It parallels what the Lord told Moses when He said: “Tell the children of Israel, surely my Sabbaths you will keep. For it will be a sign throughout the generations that you may know that it is I the Lord who sanctifies you.” Our times of rest, of simply being with Him, mindful of Him, are the times the Lord sanctifies or cleanses us from the dangerous, overwhelming pollution of the toxic fare offered by a world of deceit, a world of false gods, in reality a world trying to reshape the culture, without the Lord.

The corporate gratitude toward God should simultaneously be based on the results of the application of living lives that are distinct from those whose priorities have the mindfulness of men. The book of Hebrews points out that the Son is the radiance, or the reflection of the Father’s glory, the exact representation of His being. Being His witnesses means that we are God-reflectors in who we are and what we do.

Therein lies the mantle of Abraham, that through his descendents all the peoples of the earth would be blessed. God-thinking that incorporates God’s ways produces a society of leaders. It’s a society of leaders who build others and prepares the emerging generation as the blessings of God trickle down to those around us.
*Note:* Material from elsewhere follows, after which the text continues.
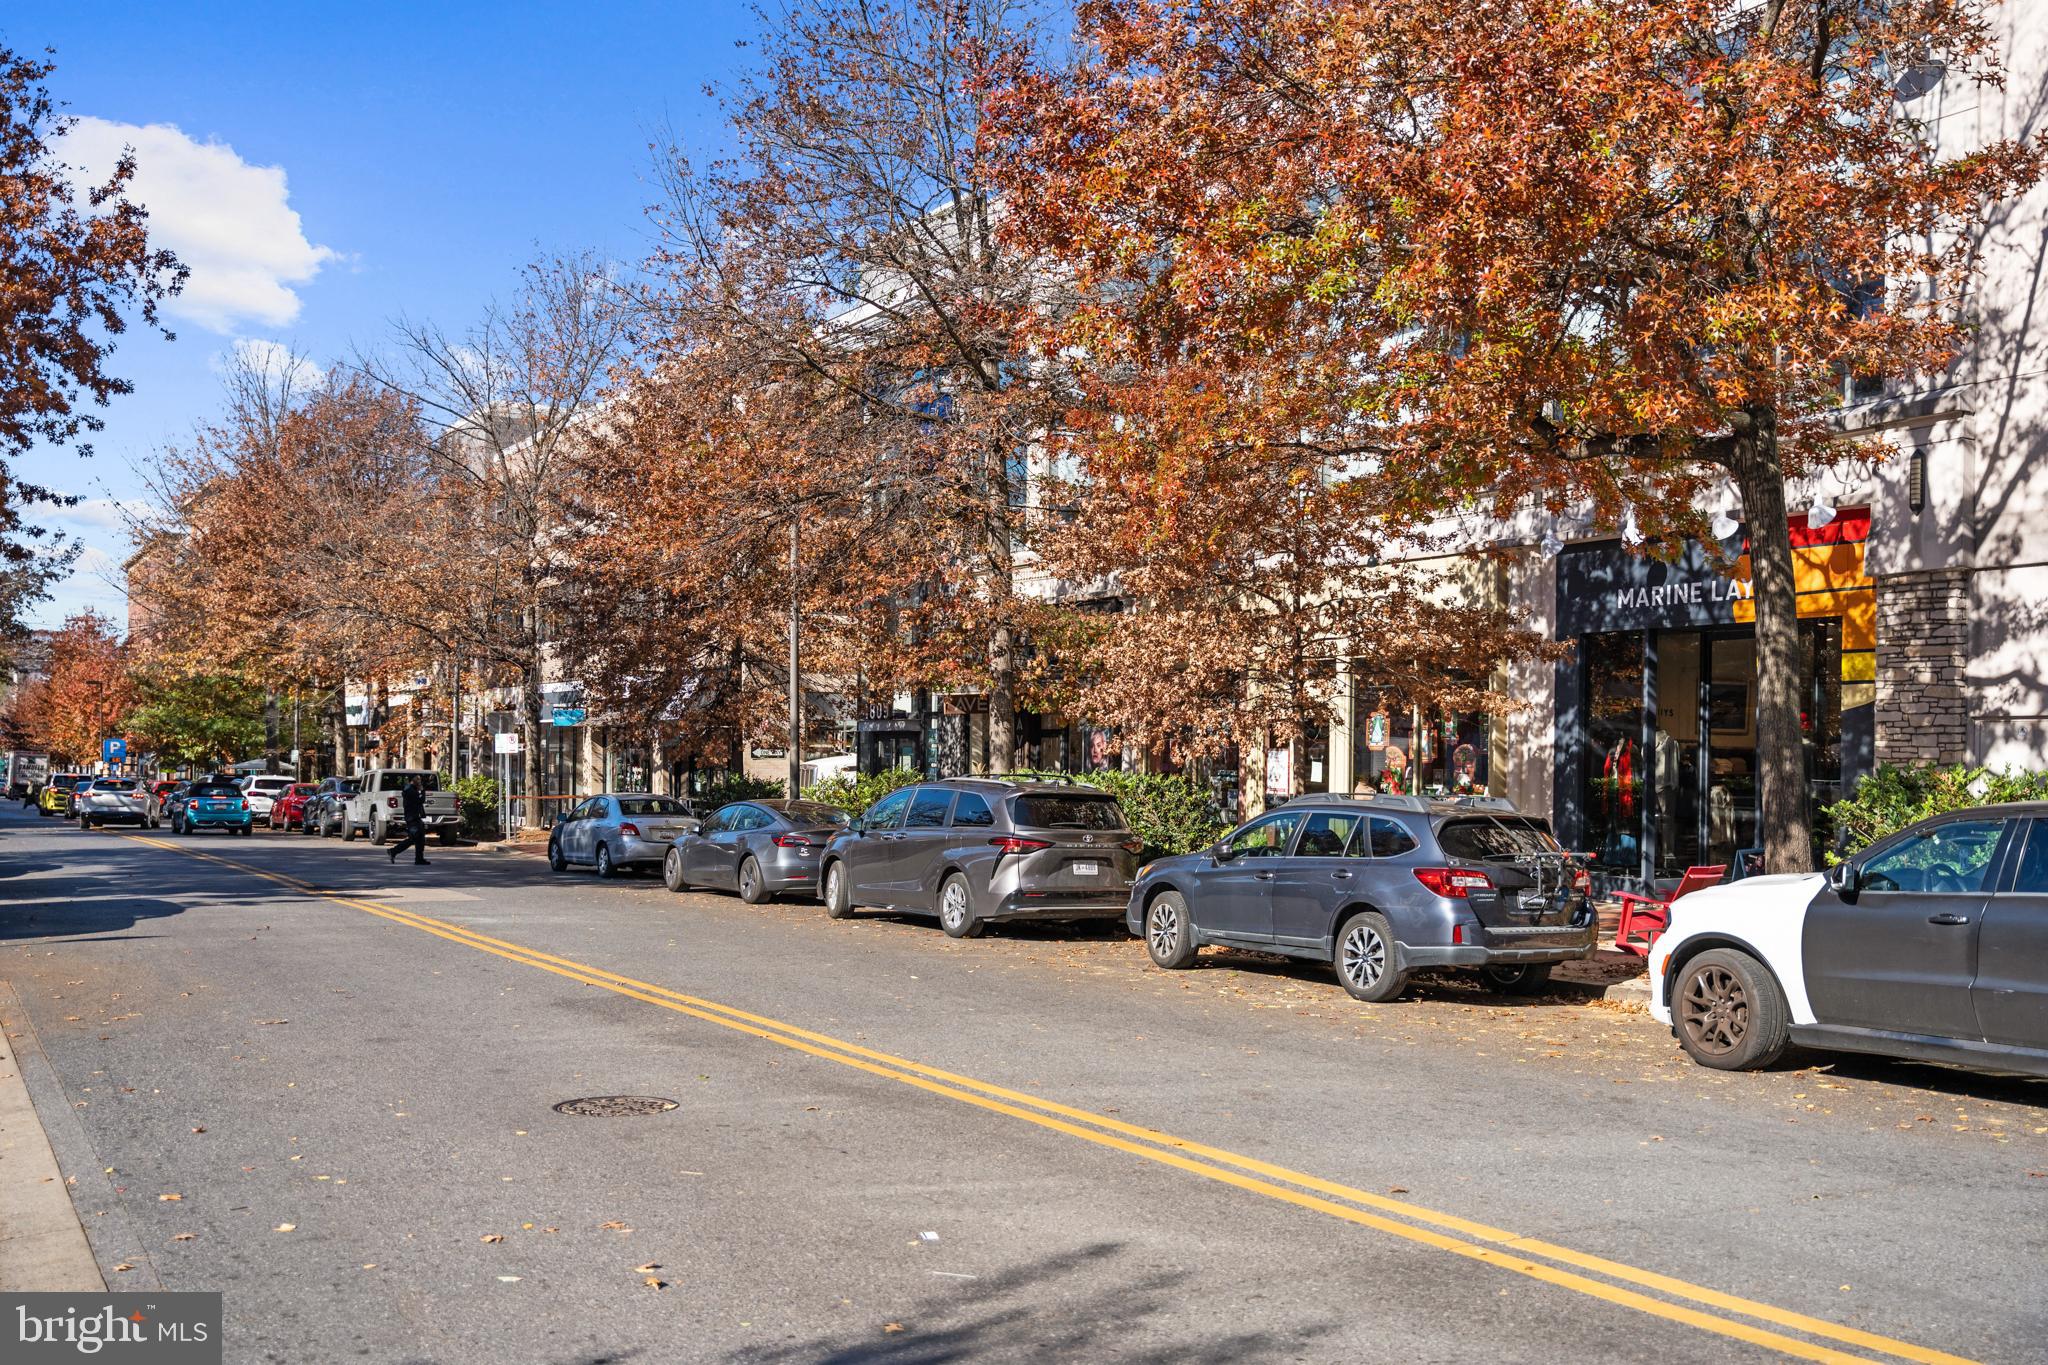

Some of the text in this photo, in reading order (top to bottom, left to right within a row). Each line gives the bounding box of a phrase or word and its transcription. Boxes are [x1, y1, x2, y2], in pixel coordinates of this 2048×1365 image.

[1617, 579, 1754, 609] MARINE LAY
[110, 741, 121, 754] P
This is not unlike Joseph the patriarch who, as a slave with no status was observed by the world around him as having the Lord with Him because everything he put his hands to prospered. He was a carrier of God’s presence because his thoughts and priorities were aligned with God’s. When our thoughts and priorities are focused with God’s, we become the reflectors of His creativity and that dimension of His nature that brings increase and blessing. Remember the parable of the talents. If put in a circumstance like Joseph and our faith was based on evidence, I wonder how the balance would tilt.

The world recognizes this potent tilt of the balance in the innovation operating through Jews, as a people. It should prick our hearts as Christians that we have yet to mature to such a level, as His “witnesses,” or reflectors, as a people of God. We have yet, as a people of God, to enter the realm to where we are doing the greater works that Jesus prophesied.

The Response to the Conflict
This is where we need to grasp a closer glimpse into what Jesus was referring to in His high priestly prayer of us being in the world but not of the world, of being one as Jesus and the Father are one. It points to our role in establishing a stake in the ground as Kingdom-culture game-changers.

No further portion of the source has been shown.